If you own or share creative content online (or have clients that do either), you will want to pay attention to the Copyright Office because changes may be afoot for the Digital Millennium Copyright Act (DMCA). The United States Copyright Office is currently undertaking a public study to evaluate the impact and effectiveness of the safe harbor provisions contained in section 512 of title 17, United States Code.

Section 512 provides a framework for a copyright owner to request that a service provider take down allegedly infringing material. A proper request requires that the copyright owner provide detailed and specific information – e.g., identification of the copyrighted work, identification of the infringing work, and a statement, sworn under penalty of perjury, that the provided information is accurate. Service providers that respond expeditiously to remove or disable access to the allegedly infringing material are shielded from liability for copyright infringement – a so-called “safe harbor.”

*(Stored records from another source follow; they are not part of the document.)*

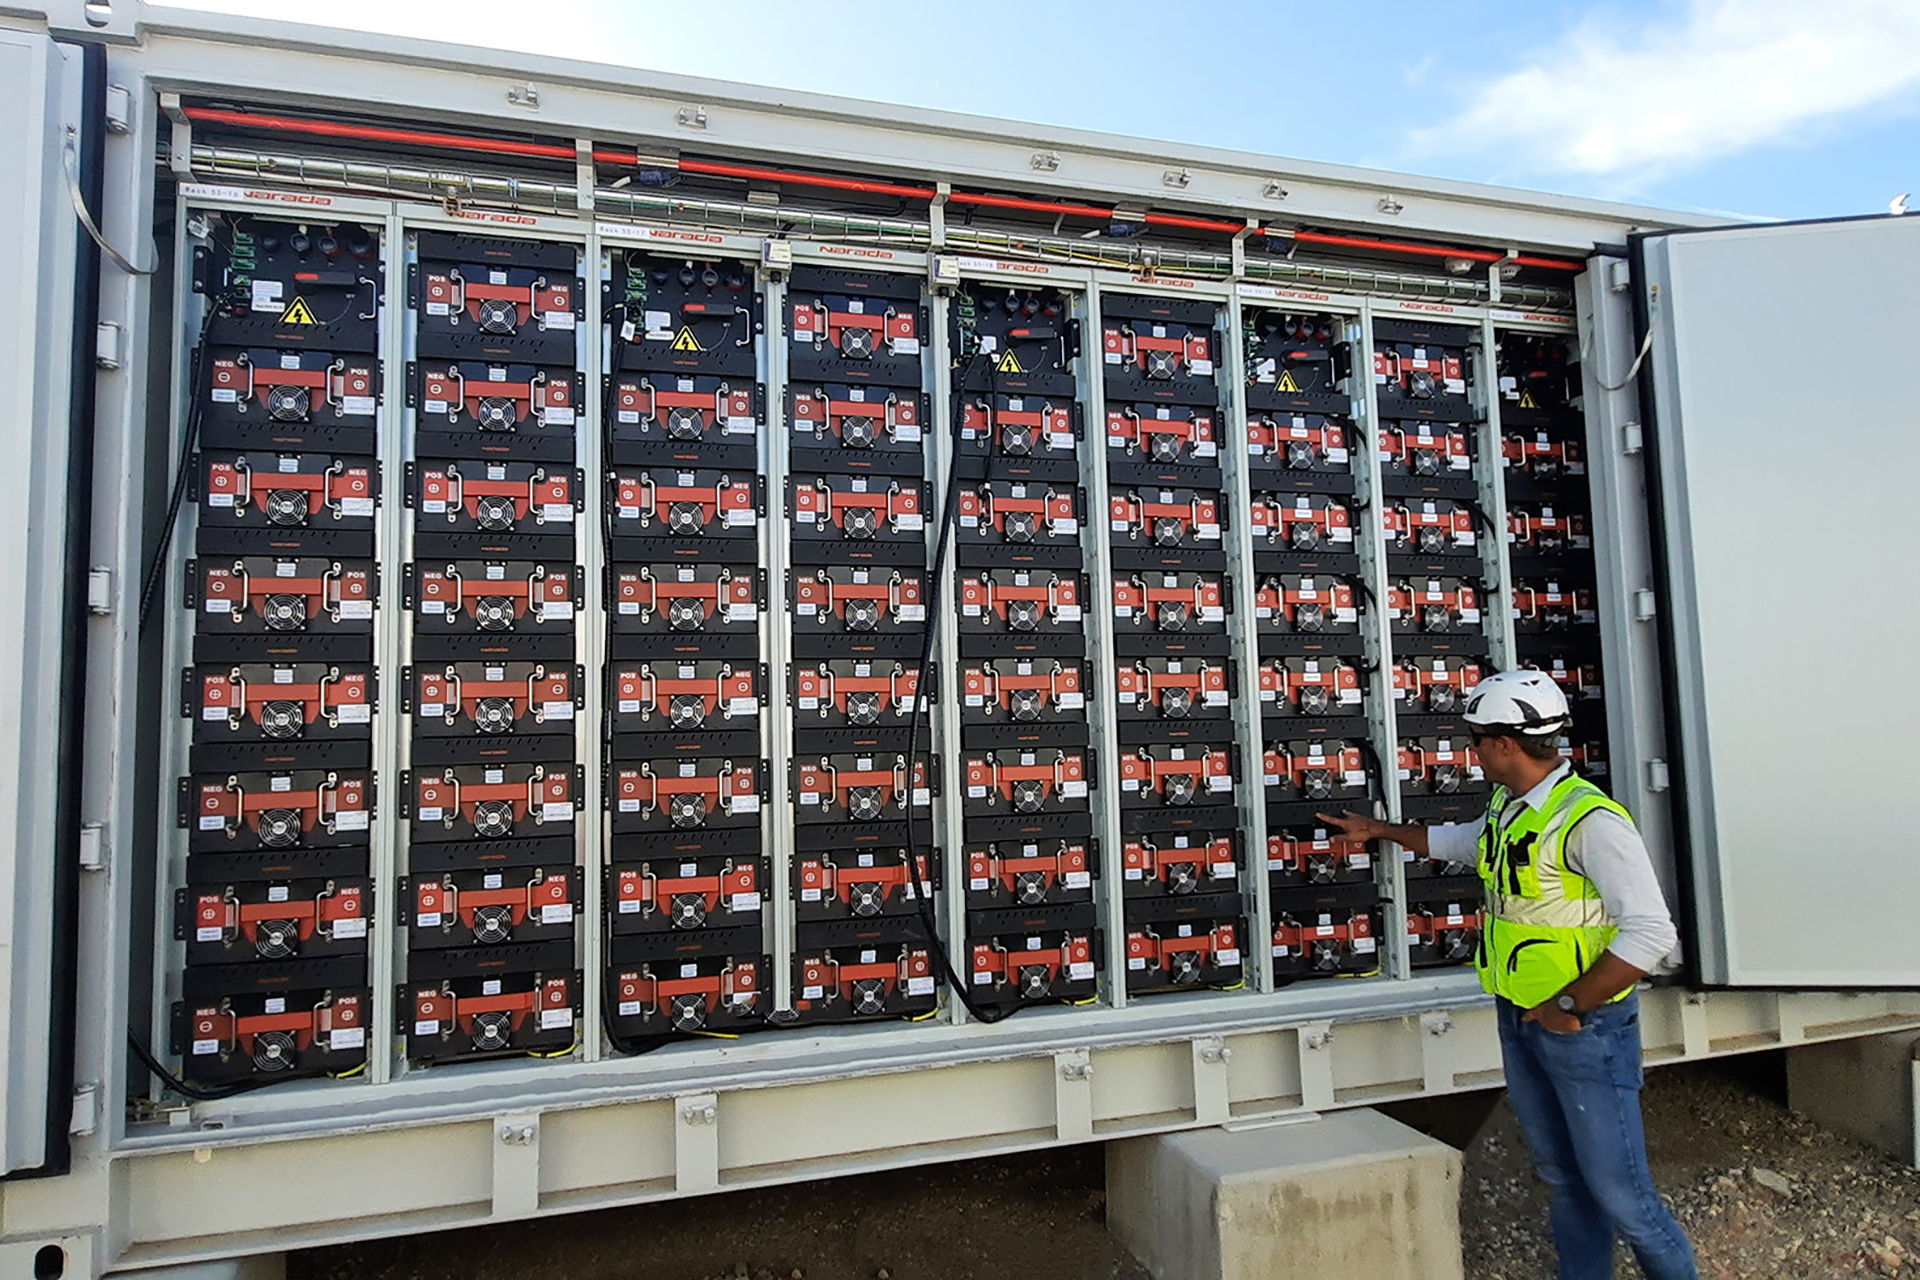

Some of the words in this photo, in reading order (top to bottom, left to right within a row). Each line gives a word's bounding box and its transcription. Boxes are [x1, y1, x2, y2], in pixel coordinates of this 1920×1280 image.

[184, 186, 207, 194] Rack
[819, 245, 893, 259] Narada
[996, 262, 1049, 274] arada
[428, 274, 446, 283] POS
[1131, 275, 1195, 288] Narada
[551, 285, 569, 293] NEG
[794, 304, 810, 312] POS
[1398, 301, 1454, 313] Narada
[214, 360, 235, 368] NEG
[350, 367, 369, 376] POS
[426, 372, 446, 381] NEG
[550, 379, 568, 388] POS
[619, 384, 637, 392] NEG
[732, 390, 749, 398] POS
[795, 393, 812, 401] NEG
[899, 400, 914, 408] POS
[211, 463, 231, 472] POS
[348, 468, 368, 477] NEG
[424, 471, 443, 480] POS
[549, 476, 567, 484] NEG
[619, 478, 636, 486] POS
[732, 482, 750, 490] NEG
[796, 484, 813, 492] POS
[901, 488, 917, 496] NEG
[209, 569, 229, 577] NEG
[347, 571, 366, 579] POS
[423, 572, 443, 580] NEG
[549, 573, 567, 581] POS
[619, 574, 637, 582] NEG
[734, 576, 751, 584] POS
[797, 576, 814, 584] NEG
[903, 578, 919, 586] POS
[344, 674, 364, 682] NEG
[422, 674, 441, 682] POS
[619, 672, 637, 680] POS
[734, 670, 752, 678] NEG
[798, 670, 815, 678] POS
[205, 676, 226, 684] POS
[736, 767, 753, 775] POS
[421, 777, 440, 785] NEG
[548, 773, 566, 781] POS
[342, 780, 362, 789] POS
[202, 785, 223, 793] NEG
[736, 864, 754, 872] NEG
[801, 861, 818, 869] POS
[547, 875, 566, 883] NEG
[619, 871, 637, 879] POS
[419, 882, 438, 891] POS
[340, 887, 360, 895] NEG
[199, 895, 219, 904] POS
[912, 950, 927, 958] POS
[804, 958, 820, 966] NEG
[738, 963, 755, 971] POS
[620, 972, 638, 981] NEG
[547, 979, 565, 987] POS
[417, 989, 437, 999] NEG
[338, 996, 358, 1005] POS
[196, 1007, 217, 1016] NEG

Section 512 was enacted in 1998 at a time when the Internet was relegated to and visited by a small cross-section of society. Congress intended for the provision to provide a strong incentive for service providers and copyright owners to work together to identify and confront copyright infringement. There also was a desire that the framework would provide greater clarity regarding service provider infringement exposure.

In the almost 20 intervening years, the Internet has changed: specifically, the volume of infringing material accessed via the Internet has exploded.  It has been estimated that nearly one-quarter of all Internet bandwidth in North America, Europe, and Asia is devoted to hosting, sharing, and acquiring infringing material.[1] The safe harbor provided by section 512 is relevant now more than ever. Unfortunately, service providers and copyright owners are strongly divided as to how to adapt section 512 to account for this explosion in infringing activity.

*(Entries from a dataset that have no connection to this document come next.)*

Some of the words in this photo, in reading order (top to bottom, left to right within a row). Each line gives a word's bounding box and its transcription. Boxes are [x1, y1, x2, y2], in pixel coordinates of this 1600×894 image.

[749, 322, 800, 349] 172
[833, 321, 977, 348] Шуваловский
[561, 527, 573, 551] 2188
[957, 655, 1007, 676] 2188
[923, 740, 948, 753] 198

From the copyright owner’s perspective, infringement is nearly inevitable and policing is a daunting and never-ending task. Although there are a number of technological advances – such as Google Content ID which monitors and flags YouTube postings for potentially infringing activities – smaller owners are unlikely to access to such sophisticated tools. Oftentimes, smaller owners are reliant on time intensive manual searches followed by repeated Section 512 take down notices in order to protect their works. Unfortunately, copyright owners are increasingly finding that that even once the infringing material is removed removed, it is re-posted on yet a different site. Essentially, copyright holders are forced to play a never ending game of “whack-a-mole.”

On the flip side, from the service provider’s perspective, managing Section 512 take down notices are expensive and necessitate a sophisticated tracking and monitoring system. Service providers report receiving hundreds of millions of DMCA take down requests each year and devote an ever increasing amount of time and resources to respond to each.

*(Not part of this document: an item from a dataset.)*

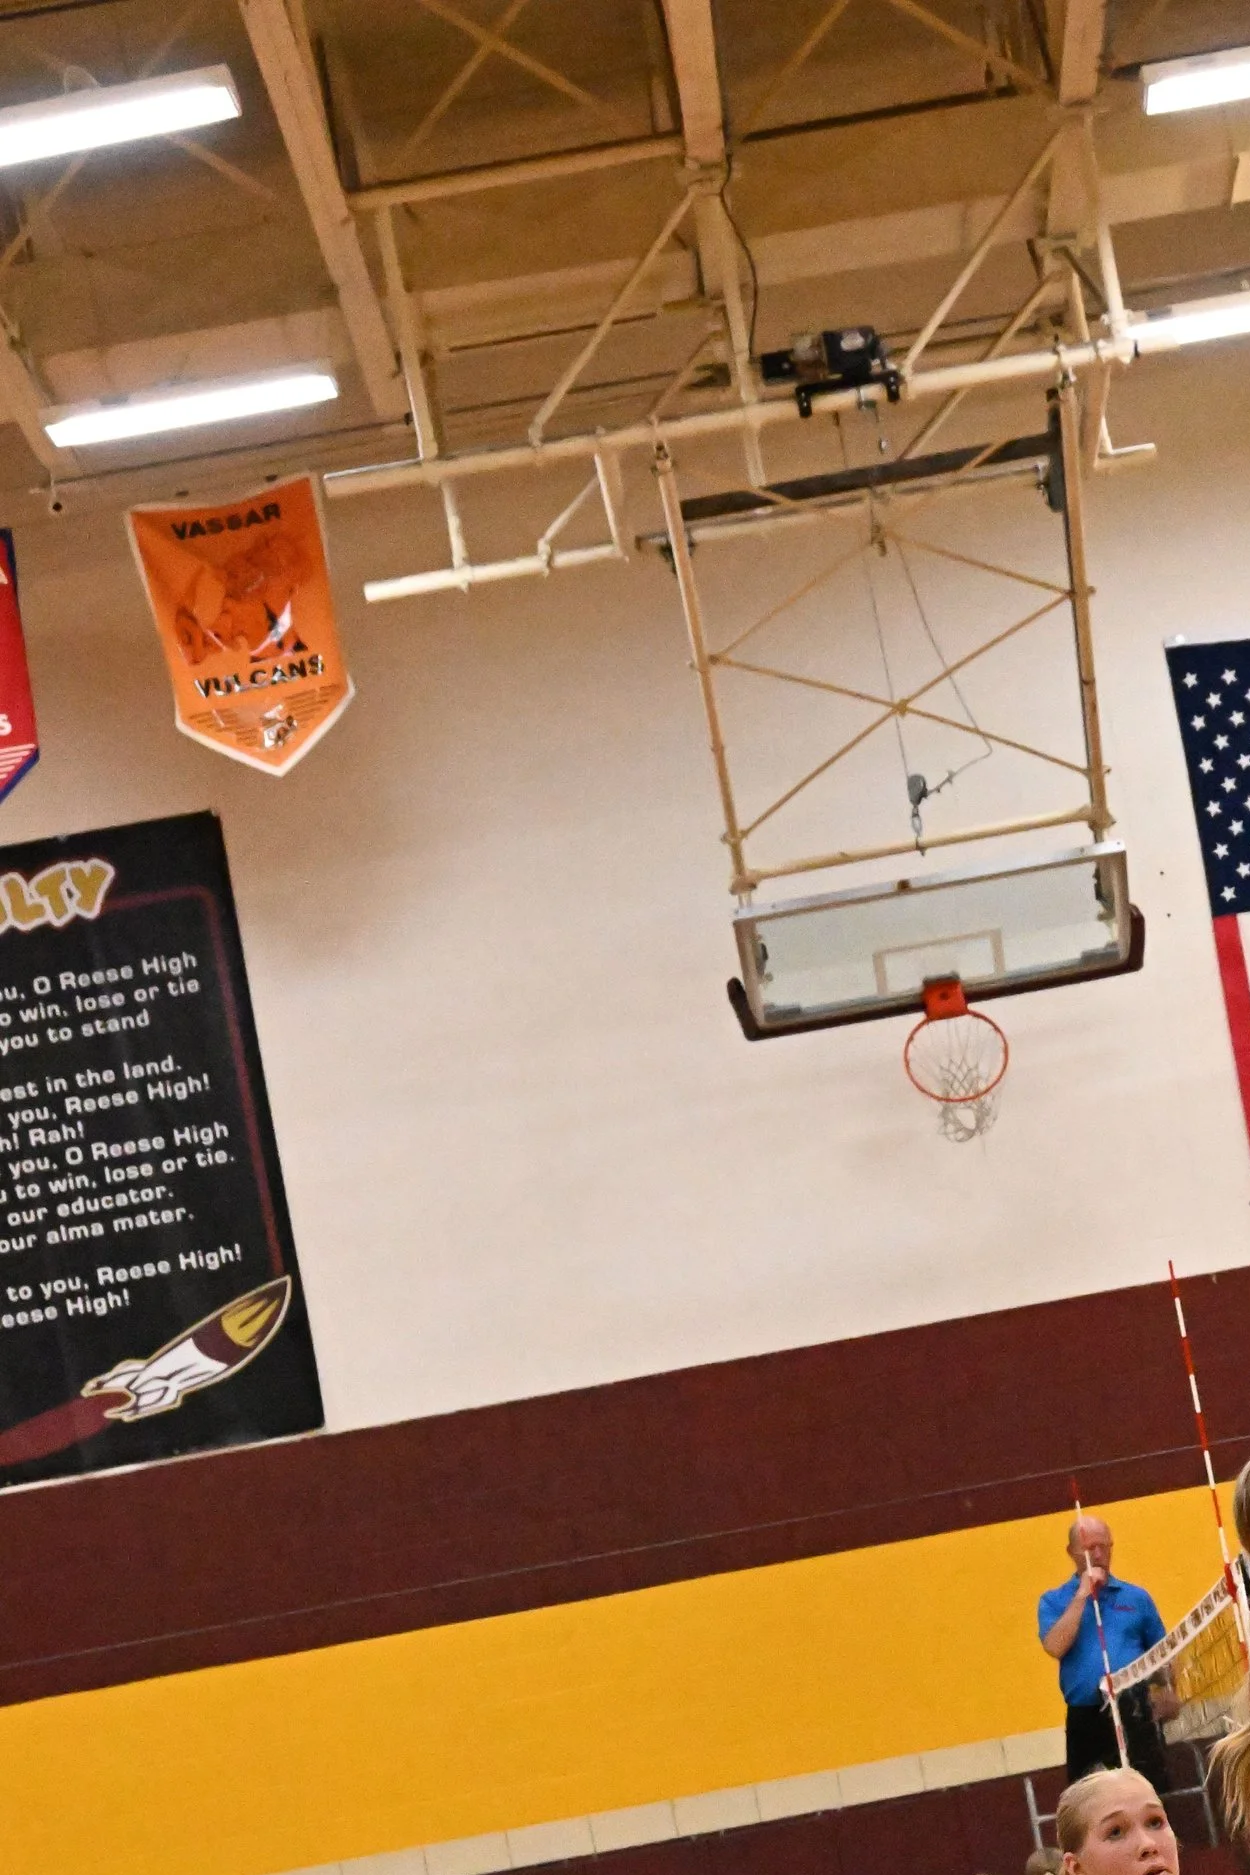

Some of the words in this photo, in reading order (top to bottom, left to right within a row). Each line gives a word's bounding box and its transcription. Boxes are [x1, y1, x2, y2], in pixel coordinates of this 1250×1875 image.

Recent debate has become boisterous with copyright owners urging that DMCA takedown provisions should include some mechanism that keeps the copyright material off of the Internet – appropriately called “stay down” notices. Copyright owners argue that once a takedown request is sent to a service provider, all files with that ID should be removed and future reposting should be blocked.

It is believed that such an enforcement scheme would be more manageable and, more importantly, eliminate the “whack-a-mole” game. Service providers, on the other hand, argue that major content platforms like YouTube and Facebook would receive an unfair advantage since they have much more sophisticated technology and larger teams to shoulder such a burden. Some service providers also argue that this would chill free speech by requiring all user generated content undergo a filtering process prior to being posted.

One thing is for sure, copyright law always chases technology. Whether you are an individual who wants to upload a music video of your toddler to Facebook, a filmmaker, or a website admin managing a site filled with user-generated content, we will all be affected by the outcome of whatever decision is made. No matter which side you are on, I would urge you to submit your thoughts to the Copyright Office. For a specific list of the questions for which input is requested, visit the Copyright Office website at http://copyright.gov/fedreg/2015/80fr81862.pdf.

Just remember, don’t upload any copyrighted material as part of your response unless you hold all of the rights!

[1] 80 Fed. Reg. 81862 (citing David Price, Sizing the Piracy Universe 3 (2013), http://www.netnames.com/digital-piracy-sizing-piracy-universe (infringing bandwidth use increased by 159 percent between 2010 and 2012 in North America, Europe, and [the] Asia-Pacific, which account for more than 95 percent of global bandwidth use)).